I hope someone knows the answer. I have a new Levo the 4500 dollar one. It comes with a 460Wh, 40x3.2Ah, battery but I was told they make another that is 504Wh, 40x3.5Ah. I'm told this second battery will also work even though I my bike came with a different battery. I was also told it would give me about 20% more life (not interested in going any faster). They have a black Friday sale going on today so I'm going to go ahead and buy it but if I find out it doesn't work I can return it. Does anyone know if these batteries are interchangeable?


----------



## rider95 (Mar 30, 2016)

Call Luna Cycle can help you


----------



## Gutch (Dec 17, 2010)

I would assume so, they come on the same identical frames. I would talk to Speshy, but 99% certain.


----------



## rider95 (Mar 30, 2016)

The WH is Amp Hour AH is how much the tank can hold bigger the AH gives you more range, you don't have to buy a Levo battery unless it has to do with your warranty . How much is the bigger Levo battery??


----------



## Pain Freak (Dec 31, 2003)

rider95 said:


> The WH is Amp Hour AH is how much the tank can hold bigger the AH gives you more range, you don't have to buy a Levo battery unless it has to do with your warranty . How much is the bigger Levo battery??


460Wh, 40x3.2Ah

versus

504Wh, 40x3.5Ah


----------



## fos'l (May 27, 2009)

PF, The two battery packs are the same size. Each is 10s, 4p which means 10 batteries in series and 4 strings in parallel (total 40 batteries). The difference between 504 wh and 460wh is the difference in the individual cell amperage of 3.5 vs 3.2. There is no reason why they aren't interchangeable, but the "bigger" one will only provide about 10% "more fuel in the tank". Not worth it IMO.


----------



## Gutch (Dec 17, 2010)

Interesting. Thanks for sharing that knowledge, I had no idea.


----------



## fos'l (May 27, 2009)

The 18650 cells (named this way since they are 18mm in diameter and 65mm in length) used to have about 2.0 a/h each, but are up to about 3.5 for the same size now. 

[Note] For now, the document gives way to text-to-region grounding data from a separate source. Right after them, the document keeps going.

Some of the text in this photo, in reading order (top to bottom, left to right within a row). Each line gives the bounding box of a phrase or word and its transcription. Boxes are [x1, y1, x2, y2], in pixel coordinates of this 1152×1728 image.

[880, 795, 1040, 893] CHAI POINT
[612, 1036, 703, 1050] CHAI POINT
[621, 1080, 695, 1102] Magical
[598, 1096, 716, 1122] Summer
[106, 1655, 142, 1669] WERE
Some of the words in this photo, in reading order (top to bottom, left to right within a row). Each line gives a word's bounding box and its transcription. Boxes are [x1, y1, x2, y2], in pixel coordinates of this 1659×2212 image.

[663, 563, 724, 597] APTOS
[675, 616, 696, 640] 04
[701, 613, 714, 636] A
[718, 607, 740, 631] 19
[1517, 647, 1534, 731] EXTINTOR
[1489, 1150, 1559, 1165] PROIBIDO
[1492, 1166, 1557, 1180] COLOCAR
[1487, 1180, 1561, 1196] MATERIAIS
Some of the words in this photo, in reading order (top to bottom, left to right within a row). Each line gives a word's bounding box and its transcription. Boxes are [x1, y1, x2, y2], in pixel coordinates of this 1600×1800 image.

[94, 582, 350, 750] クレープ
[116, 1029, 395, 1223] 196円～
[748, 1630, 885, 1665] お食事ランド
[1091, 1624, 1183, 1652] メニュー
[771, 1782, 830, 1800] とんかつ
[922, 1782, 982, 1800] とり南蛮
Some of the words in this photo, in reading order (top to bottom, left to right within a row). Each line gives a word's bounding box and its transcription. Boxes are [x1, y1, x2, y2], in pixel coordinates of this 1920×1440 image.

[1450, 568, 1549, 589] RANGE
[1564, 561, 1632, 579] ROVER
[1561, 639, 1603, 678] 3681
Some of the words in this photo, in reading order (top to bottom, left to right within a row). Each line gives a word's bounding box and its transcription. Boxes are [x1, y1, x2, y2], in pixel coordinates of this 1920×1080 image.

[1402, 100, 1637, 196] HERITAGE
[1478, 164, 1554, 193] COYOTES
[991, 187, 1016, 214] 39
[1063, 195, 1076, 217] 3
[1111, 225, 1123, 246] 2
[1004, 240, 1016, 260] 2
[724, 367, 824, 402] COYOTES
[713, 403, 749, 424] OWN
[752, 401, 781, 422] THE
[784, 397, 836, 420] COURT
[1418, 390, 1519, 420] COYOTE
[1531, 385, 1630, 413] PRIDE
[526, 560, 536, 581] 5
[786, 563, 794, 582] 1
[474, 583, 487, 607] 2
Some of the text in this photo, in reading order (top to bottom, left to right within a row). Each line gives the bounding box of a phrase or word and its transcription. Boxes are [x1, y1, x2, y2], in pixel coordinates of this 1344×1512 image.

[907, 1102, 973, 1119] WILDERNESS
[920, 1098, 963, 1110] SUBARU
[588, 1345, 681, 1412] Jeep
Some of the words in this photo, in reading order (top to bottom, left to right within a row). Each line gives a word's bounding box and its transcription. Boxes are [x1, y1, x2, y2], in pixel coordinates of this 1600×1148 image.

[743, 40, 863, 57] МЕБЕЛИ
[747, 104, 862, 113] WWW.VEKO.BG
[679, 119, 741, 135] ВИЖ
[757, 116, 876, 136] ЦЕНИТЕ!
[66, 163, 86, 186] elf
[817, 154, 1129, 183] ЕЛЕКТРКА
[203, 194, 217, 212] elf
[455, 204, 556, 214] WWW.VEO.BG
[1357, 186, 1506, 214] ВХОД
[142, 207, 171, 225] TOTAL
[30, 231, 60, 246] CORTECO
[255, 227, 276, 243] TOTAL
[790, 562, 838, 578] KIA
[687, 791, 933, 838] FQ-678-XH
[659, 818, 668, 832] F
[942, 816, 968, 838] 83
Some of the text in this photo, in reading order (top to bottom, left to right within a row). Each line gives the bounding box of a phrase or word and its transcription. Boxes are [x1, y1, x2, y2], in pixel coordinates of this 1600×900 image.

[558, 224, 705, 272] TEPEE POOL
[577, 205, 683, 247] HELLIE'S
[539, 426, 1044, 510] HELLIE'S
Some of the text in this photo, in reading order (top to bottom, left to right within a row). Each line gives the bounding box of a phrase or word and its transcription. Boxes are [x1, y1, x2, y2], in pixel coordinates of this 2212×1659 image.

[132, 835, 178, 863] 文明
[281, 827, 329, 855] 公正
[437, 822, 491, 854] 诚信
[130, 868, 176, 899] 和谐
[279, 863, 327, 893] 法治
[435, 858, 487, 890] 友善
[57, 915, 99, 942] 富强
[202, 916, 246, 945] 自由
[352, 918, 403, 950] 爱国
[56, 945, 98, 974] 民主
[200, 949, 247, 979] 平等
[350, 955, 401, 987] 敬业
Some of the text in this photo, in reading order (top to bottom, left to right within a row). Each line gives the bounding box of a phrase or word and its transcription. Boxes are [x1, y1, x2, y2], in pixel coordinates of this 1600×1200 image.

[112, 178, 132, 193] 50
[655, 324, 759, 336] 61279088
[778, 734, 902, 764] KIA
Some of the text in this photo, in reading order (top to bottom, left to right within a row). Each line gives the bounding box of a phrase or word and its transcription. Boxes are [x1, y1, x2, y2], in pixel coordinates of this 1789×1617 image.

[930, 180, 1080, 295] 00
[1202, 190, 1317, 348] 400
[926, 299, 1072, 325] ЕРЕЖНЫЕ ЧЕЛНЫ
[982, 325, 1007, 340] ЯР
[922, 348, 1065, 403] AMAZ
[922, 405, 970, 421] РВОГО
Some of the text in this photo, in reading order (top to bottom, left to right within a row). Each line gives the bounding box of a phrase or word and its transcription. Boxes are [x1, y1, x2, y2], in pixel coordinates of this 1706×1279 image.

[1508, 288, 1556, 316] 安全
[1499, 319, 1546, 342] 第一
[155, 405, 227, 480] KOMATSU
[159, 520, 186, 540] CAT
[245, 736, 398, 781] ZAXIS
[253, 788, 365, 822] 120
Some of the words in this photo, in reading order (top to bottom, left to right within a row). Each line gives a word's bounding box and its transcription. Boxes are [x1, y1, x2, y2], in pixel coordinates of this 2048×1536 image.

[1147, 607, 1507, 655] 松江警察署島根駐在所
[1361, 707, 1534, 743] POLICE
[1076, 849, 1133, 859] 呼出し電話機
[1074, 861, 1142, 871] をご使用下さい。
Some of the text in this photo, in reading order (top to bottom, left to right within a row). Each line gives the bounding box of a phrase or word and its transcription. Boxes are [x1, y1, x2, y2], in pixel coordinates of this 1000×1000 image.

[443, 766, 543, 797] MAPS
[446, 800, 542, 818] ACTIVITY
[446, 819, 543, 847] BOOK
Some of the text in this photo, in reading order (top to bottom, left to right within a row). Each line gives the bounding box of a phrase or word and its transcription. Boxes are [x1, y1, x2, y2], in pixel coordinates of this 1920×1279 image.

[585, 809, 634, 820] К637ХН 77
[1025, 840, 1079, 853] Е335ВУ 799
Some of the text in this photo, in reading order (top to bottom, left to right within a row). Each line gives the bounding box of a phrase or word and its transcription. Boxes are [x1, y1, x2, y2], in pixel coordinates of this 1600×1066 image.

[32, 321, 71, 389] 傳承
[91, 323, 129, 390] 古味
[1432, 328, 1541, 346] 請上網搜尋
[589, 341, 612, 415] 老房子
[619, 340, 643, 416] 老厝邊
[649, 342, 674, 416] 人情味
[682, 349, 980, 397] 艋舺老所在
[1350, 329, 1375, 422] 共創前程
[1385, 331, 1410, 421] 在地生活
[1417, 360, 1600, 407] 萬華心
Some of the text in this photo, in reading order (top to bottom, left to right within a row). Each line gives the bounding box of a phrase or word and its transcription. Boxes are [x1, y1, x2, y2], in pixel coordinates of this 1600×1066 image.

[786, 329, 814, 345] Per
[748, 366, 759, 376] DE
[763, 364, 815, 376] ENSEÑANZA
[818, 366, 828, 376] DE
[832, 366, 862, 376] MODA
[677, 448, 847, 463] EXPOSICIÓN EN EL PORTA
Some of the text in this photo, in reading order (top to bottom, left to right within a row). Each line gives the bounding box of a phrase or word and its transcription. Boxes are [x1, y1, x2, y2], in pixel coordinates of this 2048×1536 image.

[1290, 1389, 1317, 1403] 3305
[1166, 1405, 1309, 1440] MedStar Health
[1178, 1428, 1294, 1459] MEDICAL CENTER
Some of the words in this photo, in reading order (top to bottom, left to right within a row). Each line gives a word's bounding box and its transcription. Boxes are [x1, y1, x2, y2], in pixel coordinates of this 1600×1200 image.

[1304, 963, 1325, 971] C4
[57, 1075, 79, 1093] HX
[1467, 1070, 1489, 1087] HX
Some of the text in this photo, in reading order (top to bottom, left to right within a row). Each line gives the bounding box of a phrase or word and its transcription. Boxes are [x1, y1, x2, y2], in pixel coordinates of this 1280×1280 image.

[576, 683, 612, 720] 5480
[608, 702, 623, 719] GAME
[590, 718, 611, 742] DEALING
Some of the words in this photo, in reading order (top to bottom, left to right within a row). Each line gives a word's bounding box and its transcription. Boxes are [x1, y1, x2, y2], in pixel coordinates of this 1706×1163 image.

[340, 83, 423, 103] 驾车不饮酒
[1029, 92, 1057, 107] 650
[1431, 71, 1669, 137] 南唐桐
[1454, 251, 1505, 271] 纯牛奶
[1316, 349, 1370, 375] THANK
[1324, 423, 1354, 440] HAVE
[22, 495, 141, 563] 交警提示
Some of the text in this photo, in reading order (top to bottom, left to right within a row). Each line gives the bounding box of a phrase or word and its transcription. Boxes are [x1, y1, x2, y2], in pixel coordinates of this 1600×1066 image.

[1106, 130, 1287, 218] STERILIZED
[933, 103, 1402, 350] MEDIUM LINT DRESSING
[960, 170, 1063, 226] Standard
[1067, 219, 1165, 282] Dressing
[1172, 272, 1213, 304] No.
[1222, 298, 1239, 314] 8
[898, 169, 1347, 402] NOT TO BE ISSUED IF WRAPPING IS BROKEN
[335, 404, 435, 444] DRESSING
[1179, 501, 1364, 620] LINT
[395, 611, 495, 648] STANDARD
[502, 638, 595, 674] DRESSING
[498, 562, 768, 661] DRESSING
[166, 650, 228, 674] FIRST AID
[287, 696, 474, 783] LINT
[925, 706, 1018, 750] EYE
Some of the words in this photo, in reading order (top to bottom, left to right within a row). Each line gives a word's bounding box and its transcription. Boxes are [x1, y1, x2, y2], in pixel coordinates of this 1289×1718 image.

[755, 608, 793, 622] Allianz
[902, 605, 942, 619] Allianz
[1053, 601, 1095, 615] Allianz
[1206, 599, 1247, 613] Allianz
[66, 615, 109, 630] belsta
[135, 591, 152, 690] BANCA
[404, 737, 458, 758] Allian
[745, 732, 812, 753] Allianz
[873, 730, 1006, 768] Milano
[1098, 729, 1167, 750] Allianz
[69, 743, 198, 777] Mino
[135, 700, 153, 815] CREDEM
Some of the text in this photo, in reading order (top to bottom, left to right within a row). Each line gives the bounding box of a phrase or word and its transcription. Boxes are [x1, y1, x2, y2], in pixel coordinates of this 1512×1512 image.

w/h = a/h X V so 3.2 X 4 ("strings") X 36 = 460 & 3.5 X 4 X 36 = 504

w/h are "how much fuel is in the tank" , and in this case differs by about 10%

Usually, all else being equal, higher a/h will provide somewhat better acceleration, but the same top speed, which, all else being equal is proportional to V (with attendant losses from more friction etc at higher speeds).


----------



## fos'l (May 27, 2009)

Last thing to help confuse is that most Lithium batteries (LiFePO4 a notable exception) are charged to 4.2V so a 10s pack is 42V hot off the charger, and the battery management system shuts off the pack at 3.3V or so. The drop in power near the end of the range is noticeable. Battery life is extended markedly if the batteries are charged to 80% of "full" and discharged to only 20%; this is how Tesla is able to offer an 8 year warranty while many Li kit batteries are essentially dead in three or four years.


----------



## Gutch (Dec 17, 2010)

Are you suggesting better life from my ebikes by charging no more than 80% and no less than 20%?


----------



## fos'l (May 27, 2009)

Not me, that's what the experts say; the happy medium for me on the one bike battery that I can control at this time is to leave at 40 - 80% and if need be to charge to 100% before the ride.


----------



## NEPMTBA (Apr 7, 2007)

I was told by the Ian the Spechy demo guy that more expensive Levo has a better battery, and yes as far as I know they interchange.


----------



## fos'l (May 27, 2009)

It's possible, "probably probable" the individual cells are "better" on the more expensive system. I think (but could be wrong) the Panasonic GA cells are 3.5 a/h, and arguably the best available; of course, for batteries that could be this week). Still not worth the grand or so cost IMO until the other battery needs replacement.


----------



## Giant Warp (Jun 11, 2009)

I found out that a new battery does not come with the lower pin and skid plate. The parts can be changed over from one battery to another, but it is a pain in the neck. If you are going to get another battery then I would plan on ordering the parts so you can do a quick battery swap when necessary. I also did a ride once with a spare battery in my camelback. Very large and heavy is all I can say. LOL


----------



## NEPMTBA (Apr 7, 2007)

Ya might as well go for it once your into buying another bat-tree...
...I believe complete bat weight is 6.4 pounds. 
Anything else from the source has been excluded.